(Image-backed grounding data)

::::::::

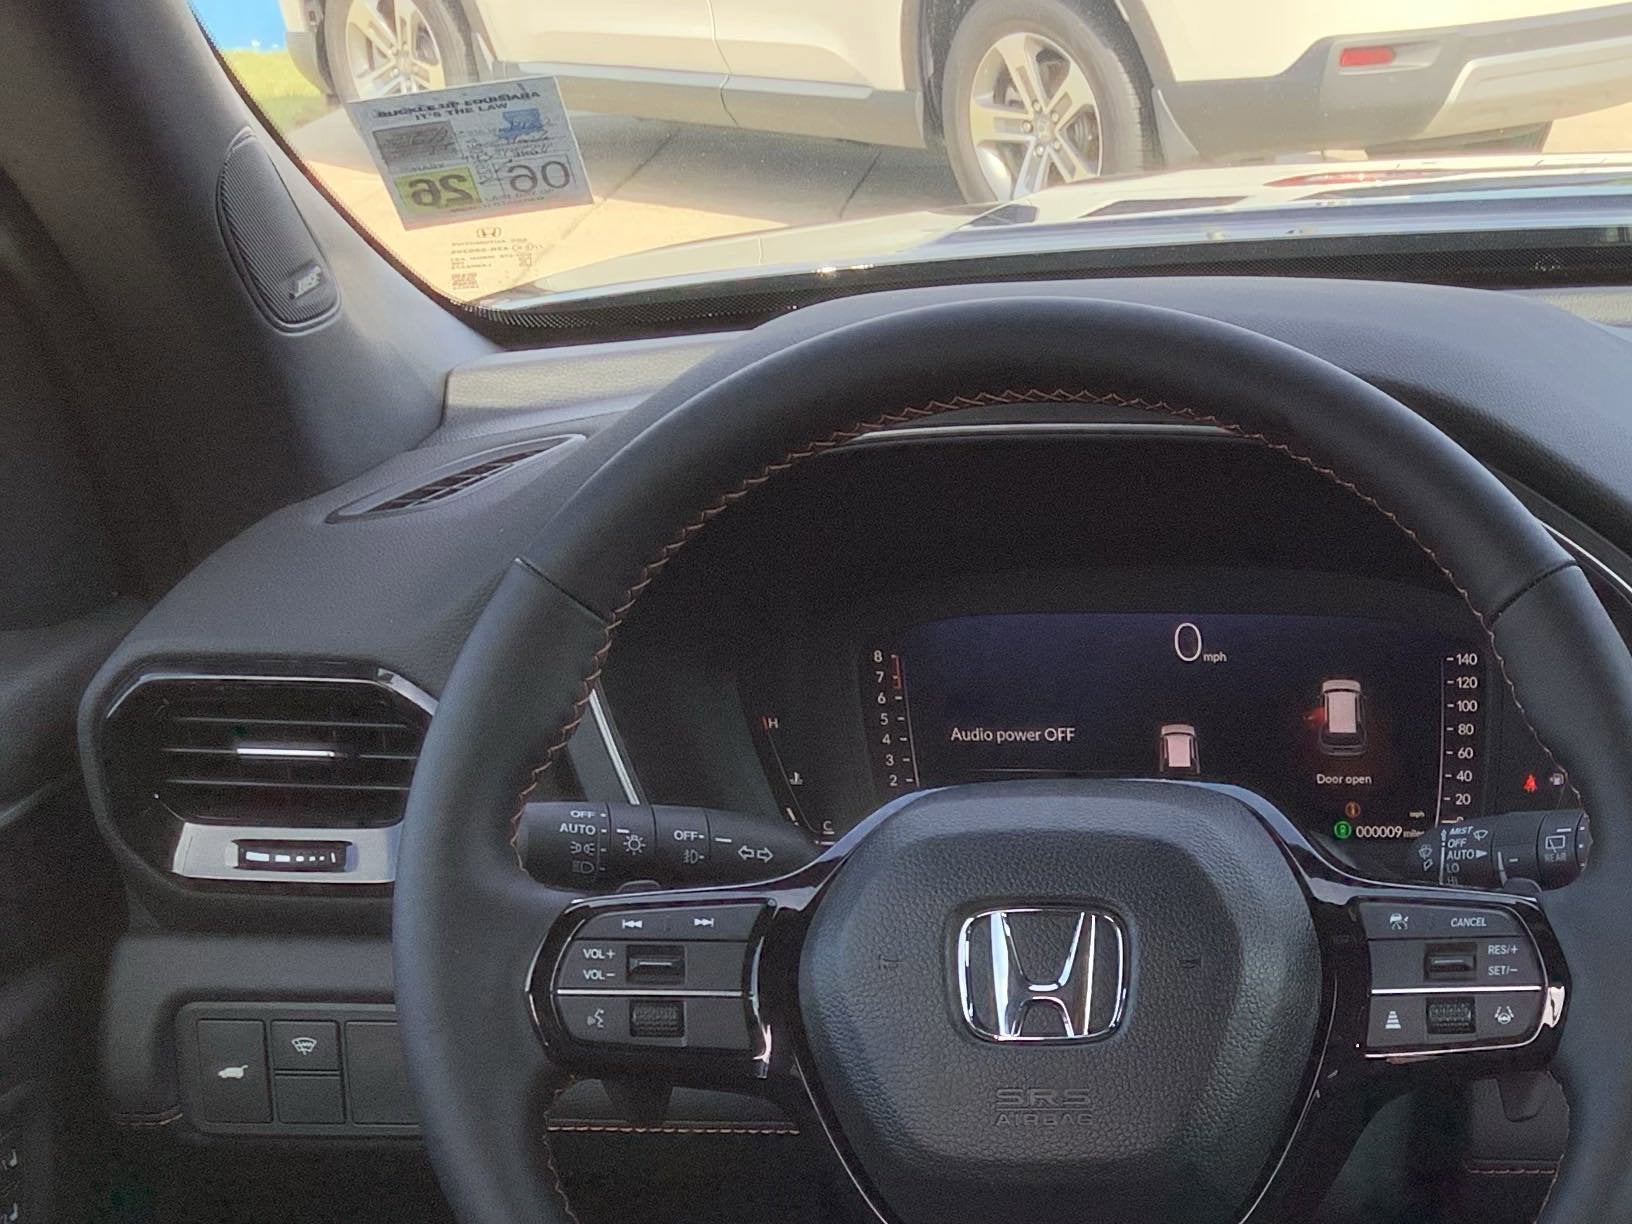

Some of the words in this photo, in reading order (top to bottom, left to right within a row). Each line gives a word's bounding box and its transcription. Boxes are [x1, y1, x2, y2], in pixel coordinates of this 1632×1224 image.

[446, 107, 473, 116] THE
[478, 102, 508, 113] LAW
[1174, 622, 1202, 662] 0
[1203, 651, 1227, 664] mph
[873, 650, 883, 663] 8
[1456, 653, 1478, 665] 140
[876, 671, 884, 683] 7
[1456, 676, 1478, 688] 120
[877, 692, 886, 704] 6
[1456, 700, 1478, 712] 100
[768, 718, 779, 729] H
[880, 713, 889, 725] 5
[1458, 723, 1474, 735] 80
[882, 734, 891, 744] 4
[950, 727, 993, 742] Audio
[997, 728, 1041, 744] power
[1044, 727, 1075, 742] OFF
[1457, 747, 1474, 759] 60
[885, 754, 894, 766] 3
[889, 774, 898, 786] 2
[1316, 774, 1343, 785] Door
[1345, 774, 1372, 786] open
[1456, 770, 1473, 782] 40
[1455, 793, 1471, 805] 20
[570, 810, 595, 818] OFF
[559, 823, 596, 836] AUTO
[823, 820, 833, 831] C
[1449, 825, 1475, 836] MIST
[673, 830, 698, 842] OFF
[1355, 826, 1403, 838] 000009
[1447, 838, 1467, 848] OFF
[1446, 849, 1474, 861] AUTO
[1545, 852, 1567, 862] REAR
[1446, 863, 1460, 873] LO
[1450, 917, 1487, 927] CANCEL
[996, 1088, 1092, 1107] SRS
[996, 1113, 1094, 1127] AIRBAG

::::::::

WHAT THE EXERCISE ASKS
Reproduce all of the records above exactly, but exclude the pictures.

RESPONSE AREA
Some of the words in this photo, in reading order (top to bottom, left to right within a row). Each line gives a word's bounding box and its transcription. Boxes are [x1, y1, x2, y2], in pixel coordinates of this 1632×1224 image.

[446, 107, 473, 116] THE
[478, 102, 508, 113] LAW
[1174, 622, 1202, 662] 0
[1203, 651, 1227, 664] mph
[873, 650, 883, 663] 8
[1456, 653, 1478, 665] 140
[876, 671, 884, 683] 7
[1456, 676, 1478, 688] 120
[877, 692, 886, 704] 6
[1456, 700, 1478, 712] 100
[768, 718, 779, 729] H
[880, 713, 889, 725] 5
[1458, 723, 1474, 735] 80
[882, 734, 891, 744] 4
[950, 727, 993, 742] Audio
[997, 728, 1041, 744] power
[1044, 727, 1075, 742] OFF
[1457, 747, 1474, 759] 60
[885, 754, 894, 766] 3
[889, 774, 898, 786] 2
[1316, 774, 1343, 785] Door
[1345, 774, 1372, 786] open
[1456, 770, 1473, 782] 40
[1455, 793, 1471, 805] 20
[570, 810, 595, 818] OFF
[559, 823, 596, 836] AUTO
[823, 820, 833, 831] C
[1449, 825, 1475, 836] MIST
[673, 830, 698, 842] OFF
[1355, 826, 1403, 838] 000009
[1447, 838, 1467, 848] OFF
[1446, 849, 1474, 861] AUTO
[1545, 852, 1567, 862] REAR
[1446, 863, 1460, 873] LO
[1450, 917, 1487, 927] CANCEL
[996, 1088, 1092, 1107] SRS
[996, 1113, 1094, 1127] AIRBAG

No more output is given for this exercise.